Proteomic Profiling Reveals Novel Molecular Insights into Dysregulated Proteins in Established Cases of Rheumatoid Arthritis.

Abstract

Background: Rheumatoid arthritis (RA) is a chronic autoimmune disorder that predominantly affects synovial joints, leading to inflammation, pain, and progressive joint damage. Despite therapeutic advancements, the molecular basis of established RA remains poorly defined. Methods: In this study, we conducted an untargeted plasma proteomic analysis using two-dimensional differential gel electrophoresis (2D-DIGE) and matrix-assisted laser desorption/ionization time-of-flight mass spectrometry (MALDI-TOF-MS) in samples from RA patients and healthy controls in the discovery phase. Results: Significantly (ANOVA, p ≤ 0.05, fold change > 1.5) differentially abundant proteins (DAPs) were identified. Notably, upregulated proteins included mitochondrial dicarboxylate carrier, hemopexin, and 28S ribosomal protein S18c, while CCDC124, osteocalcin, apolipoproteins A-I and A-IV, and haptoglobin were downregulated.

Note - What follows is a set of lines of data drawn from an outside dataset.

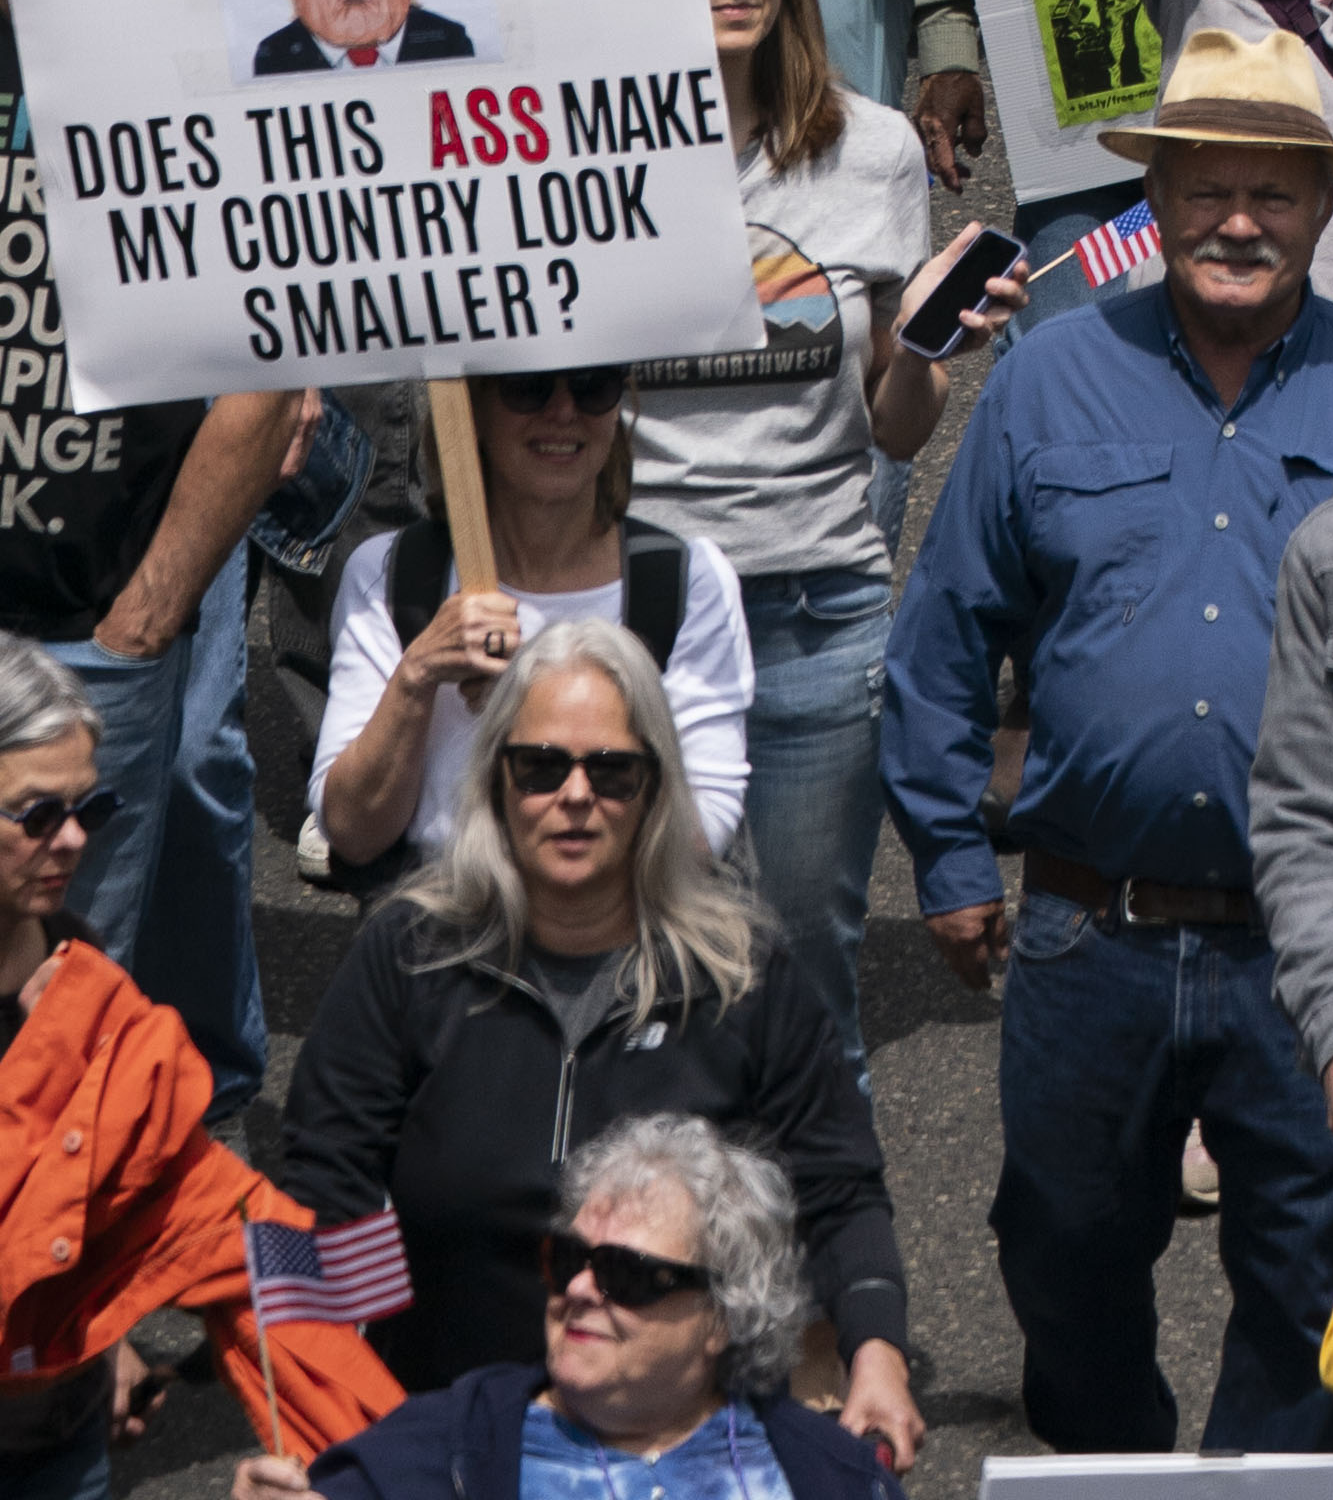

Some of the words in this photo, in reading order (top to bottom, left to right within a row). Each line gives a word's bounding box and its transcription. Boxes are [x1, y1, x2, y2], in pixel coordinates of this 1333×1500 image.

[63, 112, 222, 200] DOES
[245, 98, 385, 186] THIS
[428, 84, 551, 171] ASS
[559, 66, 724, 157] MAKE
[106, 200, 200, 286] MY
[220, 177, 483, 274] COUNTRY
[507, 162, 660, 250] LOOK
[243, 257, 583, 363] SMALLER?
[697, 346, 835, 380] NORTHWEST

Receiver operating characteristic (ROC) analysis identified CCDC124, osteocalcin, and metallothionein-2 with high diagnostic potential (AUC = 0.98). Proteins with the highest selected frequency were quantitatively verified by multiple reaction monitoring (MRM) analysis in the validation cohort. Bioinformatic analysis using Ingenuity Pathway Analysis (IPA) revealed the underlying molecular pathways and key interaction networks involved STAT1, TNF, and CD40. These central nodes were associated with immune regulation, cell-to-cell signaling, and hematological system development. Conclusions: Our combined proteomic and bioinformatic approaches underscore the involvement of dysregulated immune pathways in RA pathogenesis and highlight potential diagnostic biomarkers. The utility of these markers needs to be evaluated in further studies and in a larger cohort of patients.